Apparently the 5 big mortgage holders that were part of the settlement represent 60% of the home mortgages in the country (no, our morgage holder is not one of them). And they have 12 months to work with their mortgagees.

The banks need to make one of two offers to their mortgaees - either write down their principal balance or allow them to refinance even if their house is underwater. Oh, and they need to supply mortgagees with one point of contact at their bank.

And, I guess the settlement may be expanded to include other banks in the next several weeks.

This settlenment may never include my bank. I'm holding onto the hope that this settlement wil ultimately break the log jam that is the housing market, and after some time our house will sell for something that resembles what we owe.

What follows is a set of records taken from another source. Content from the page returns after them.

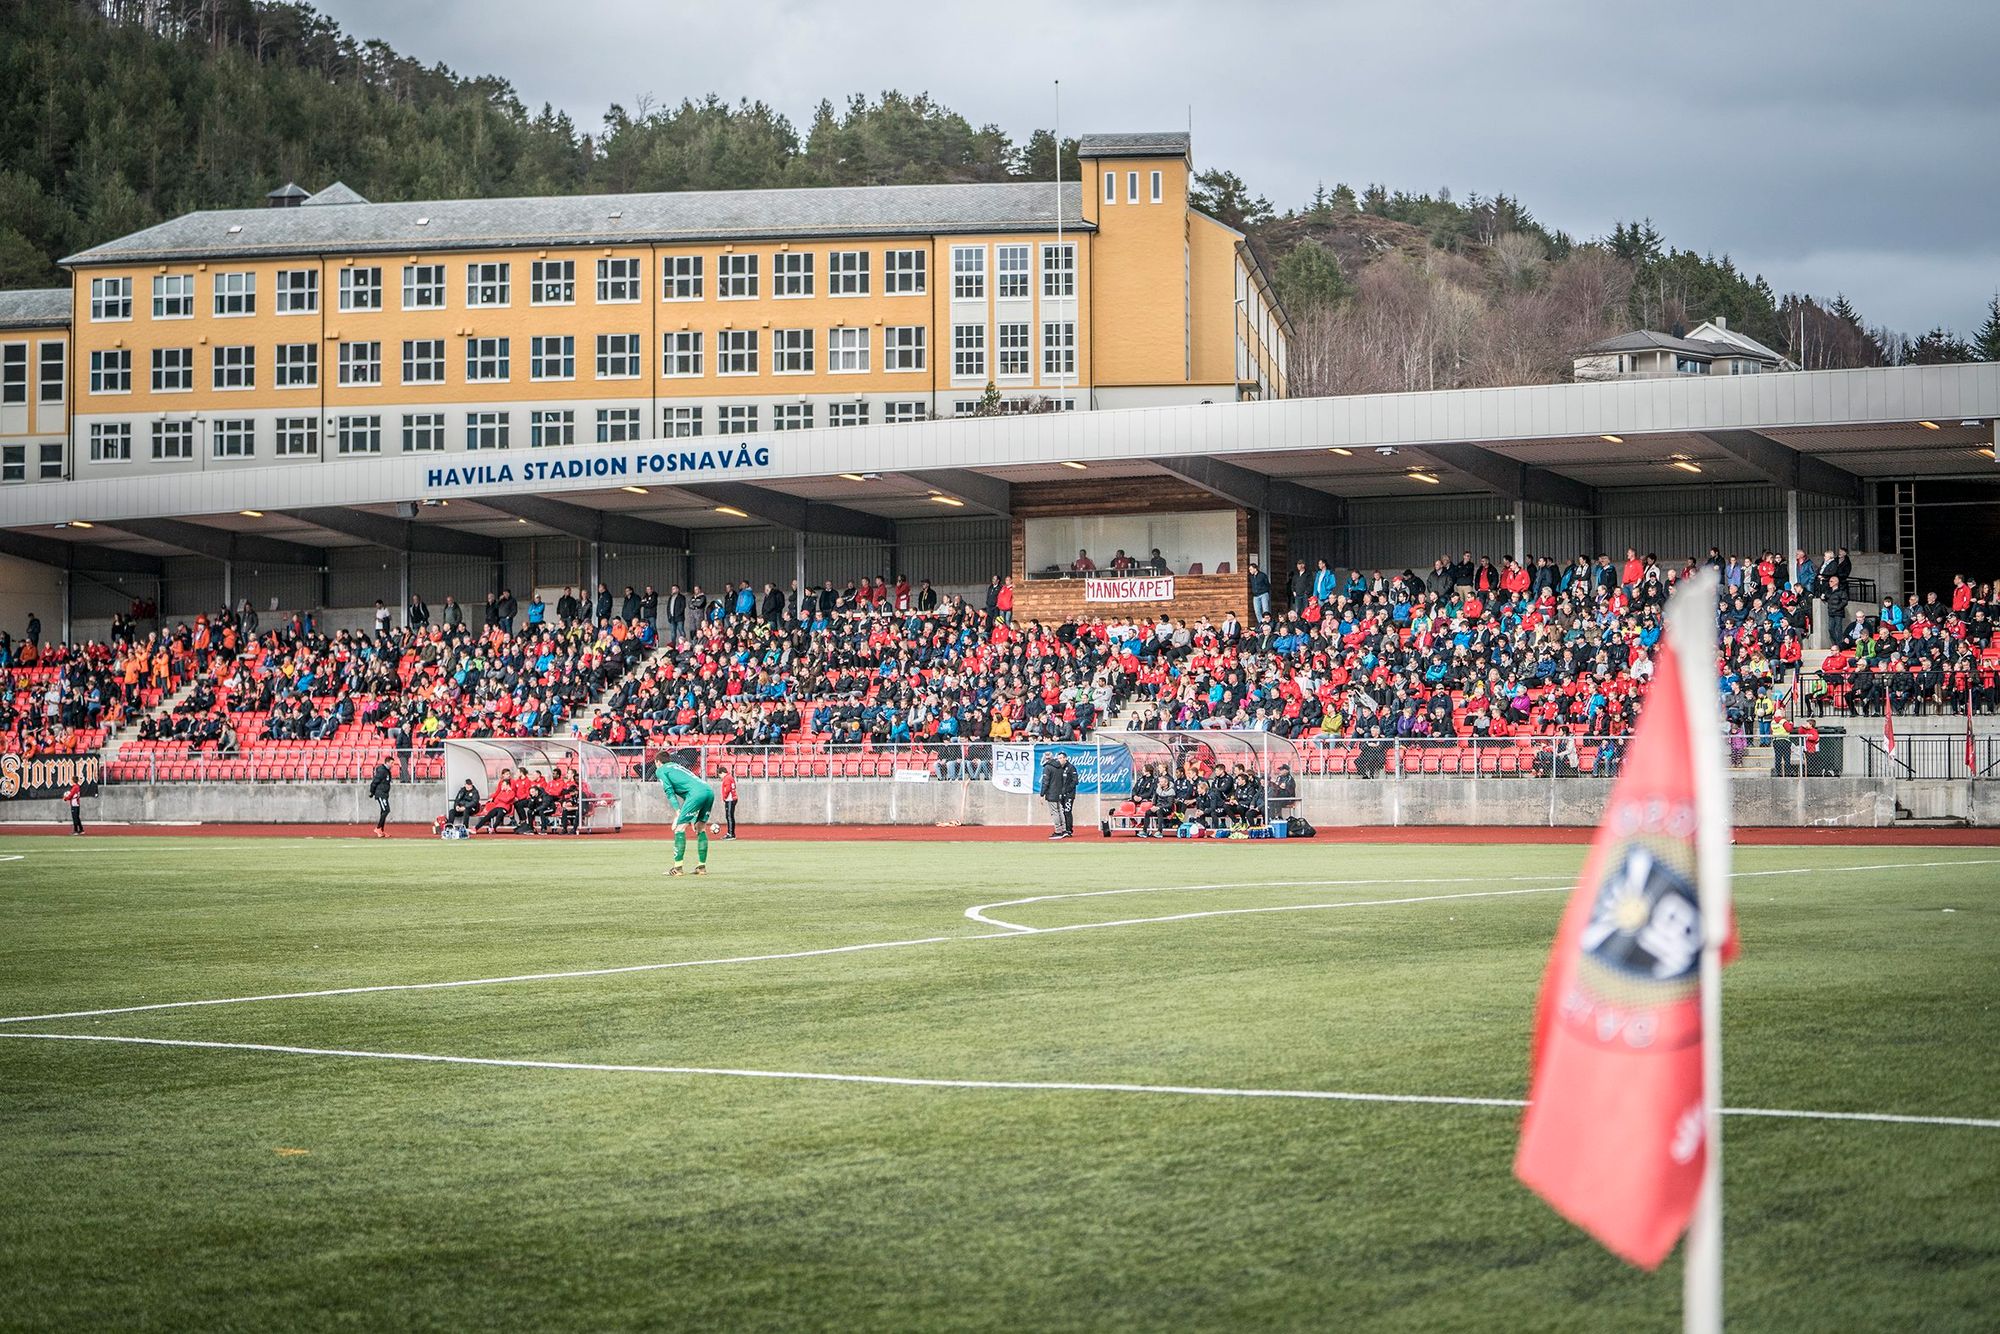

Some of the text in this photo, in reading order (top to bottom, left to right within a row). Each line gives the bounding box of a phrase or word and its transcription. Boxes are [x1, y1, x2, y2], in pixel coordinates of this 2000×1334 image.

[428, 443, 769, 487] HAVILA STADION FOSNAVÅG
[1087, 580, 1171, 598] MANNSKAPET
[996, 751, 1030, 761] FAIR
[1064, 751, 1096, 766] andler
[996, 761, 1031, 771] PLAY
[0, 753, 98, 797] Stormen

That's my hope anyway.

I'll be taking some time to follow this settlement, and learn more about the specifics.

January Daily Interest

January 18th, 2012 at 07:22 pm

For the month of January I will spend each day -

$2.48 on credit card interest

$3.16 on credit card plus auto payment interest

$20.65 on credit card plus auto payment plus mortgage interest.

I've been calculating these values for, I beleive three months now. My jaw still drops each time I calculate them.

Financial Calculations

December 14th, 2011 at 12:38 pm

A summary of some of my personal finacial calculations that I've talked about in previous entries.

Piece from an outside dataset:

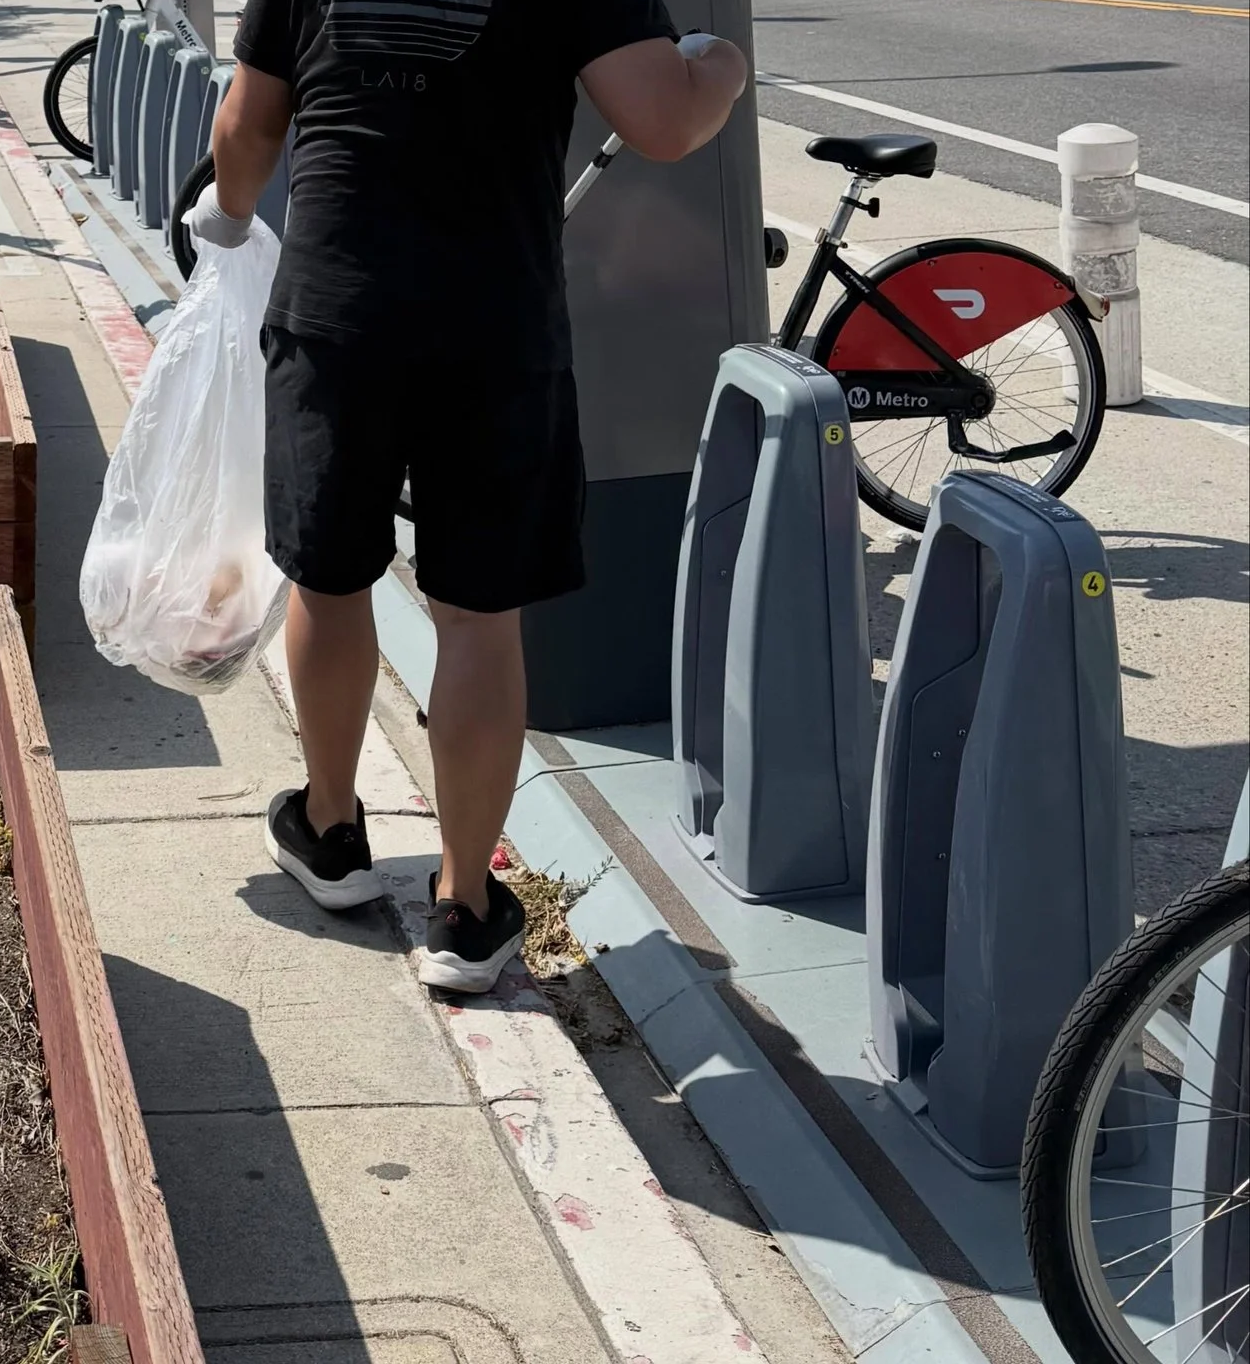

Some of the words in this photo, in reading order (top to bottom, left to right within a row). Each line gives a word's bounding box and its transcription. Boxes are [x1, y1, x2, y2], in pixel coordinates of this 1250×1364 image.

Credit card debt to retirement savings ratio: 16.1%

Non mortgage debt to income ratio: 13.1%
Total Debt to Income ratio: 32.6%

Daily Interest Expense (December 2011):
Credit Cards: $2.60
CC + Auto: $3.23
CC + Auto + Mortgage: $21.09

Minimum CC payment compared to what's paid

December 13th, 2011 at 04:49 pm

As of this month, to remain current on our credit card payments, the minimum payment is $549. What we will probably end up paying is about $630, or about $80 over minumum. Note that I've slowed down payback a bit this month, mainly because of extra Christmas spending and keeping some cash in reserve for the home heating bill. We also need to pay property taxes in February. (Never a lack of places for cash to go).

If we paid only minimum payments on CCs, it would take an estimated 28 months to pay off CCs. It's hard to estimate that because minimum payments can change (hopefully down) month-to-month.

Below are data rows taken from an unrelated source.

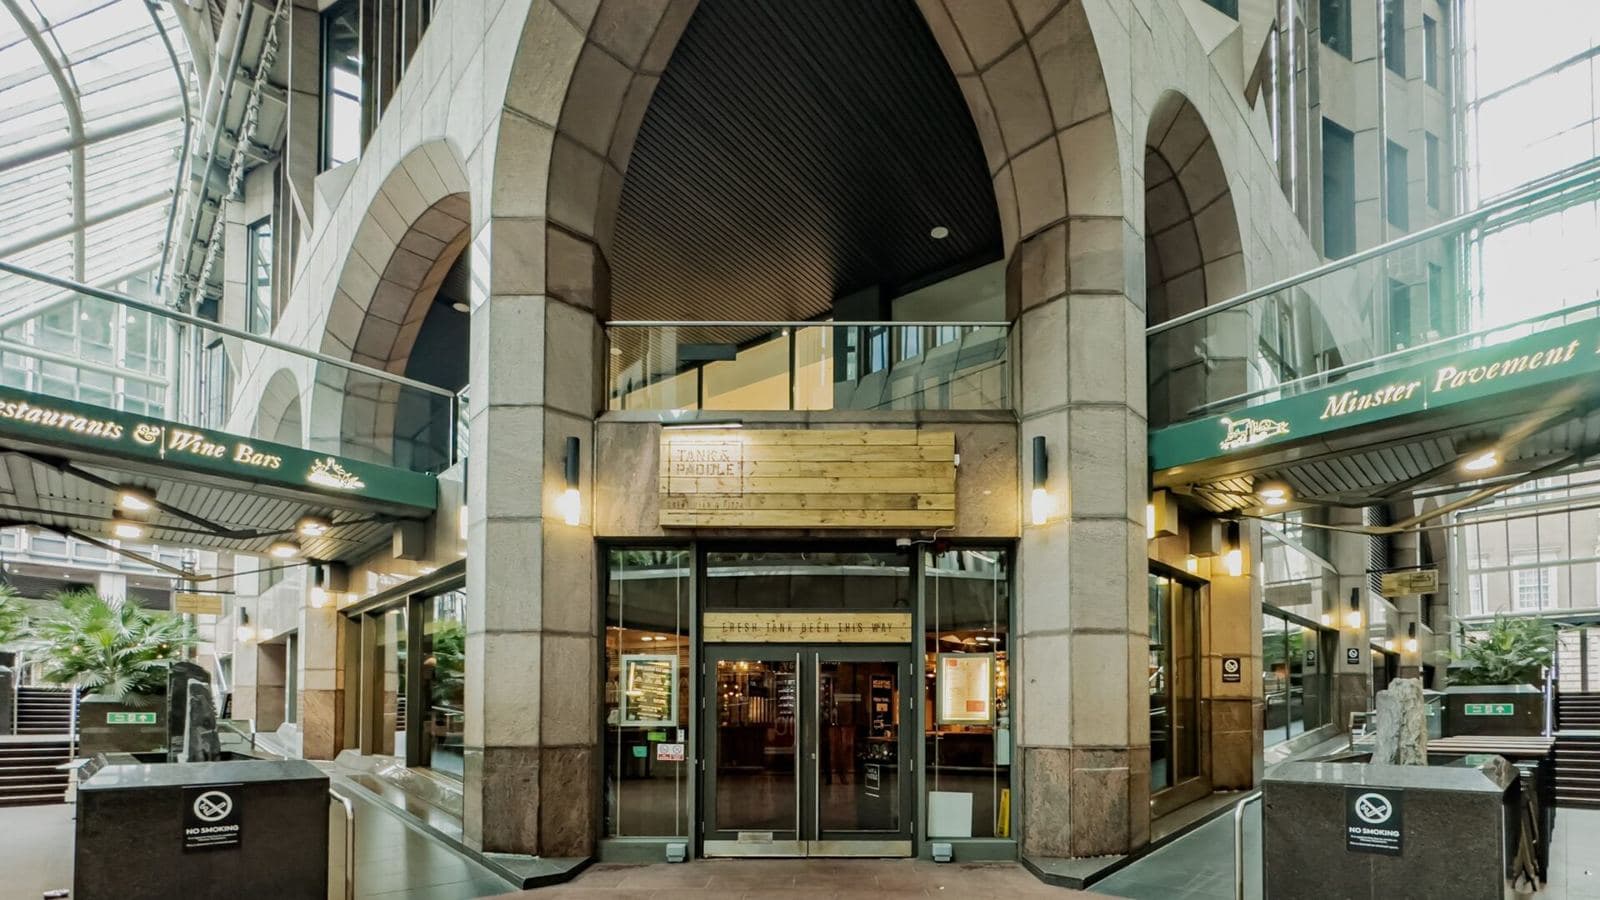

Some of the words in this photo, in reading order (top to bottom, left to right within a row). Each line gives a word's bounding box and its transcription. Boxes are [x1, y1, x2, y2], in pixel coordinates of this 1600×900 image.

[1320, 381, 1421, 420] Minster
[1431, 339, 1580, 393] Pavement
[133, 423, 161, 445] &
[168, 428, 227, 458] Wine
[233, 442, 282, 469] Bars
[766, 622, 794, 634] TANK
[838, 622, 864, 634] THIS
[871, 622, 893, 634] WAY
[201, 825, 239, 833] SMOKING
[1362, 828, 1400, 837] SMOKING

If we paid the $630 that we'll be paying this month, it would take 24 months to retire the CC debt.

If we bumped that up by $100 to $730 per month, every month, it would take 21 months to pay off. Not a huge change in terms of months to pay off, but a difference in $160 in accumulated interest, as compared to a $630 payment.

I think we can manage an average payment of $730 per month over the next 12 months. Hopefully some months substantially over $730, no months less than $630, and definitely no months less than $549!

Progress in the past 12 months

December 7th, 2011 at 01:50 pm

I started to actively log my family's debt progress last Novemebr in the SA forums. I thought it was time to check progress made over the past 12 months.

Mortgage debt on for sale house decreased by $2,600.

CC debt decreased by $8,684.

Automobile debt increased by $6,362.

Mortgage debt on house we currently live in unchanged (this is family borrowing, and we plan to start moving on it during the next 12 months).

Total debt decreased by $4,954.

Average interest rate (all debts) Nov. 2010: 7.02%
Average interest rate (all debts) current: 6.19%
Average interest rate (CC) Nov. 2010: 10.66%
Average interest rate (CC + auto) current: 5.88%

So, it's an improvement, a step in the right direction, blah blah blah. Obviously, we would be in much better shape without the auto loan. But, I still stand by our decision. It made sense at the time.

What I'm happiest with is the decrease in average interest rate over the past 12 months. A function of attacking high interest debt, and of course the credit card company with the big balance dropped the rate by 4 points in June.

I estimated my tax refund

December 5th, 2011 at 06:55 pm

$5,036

That's what I came up with when I ran a tax estimate on the Turbo Tax web site.

I even adjusted my withholdings last February, so I kept more of my money, and my refund wouldn't be so big.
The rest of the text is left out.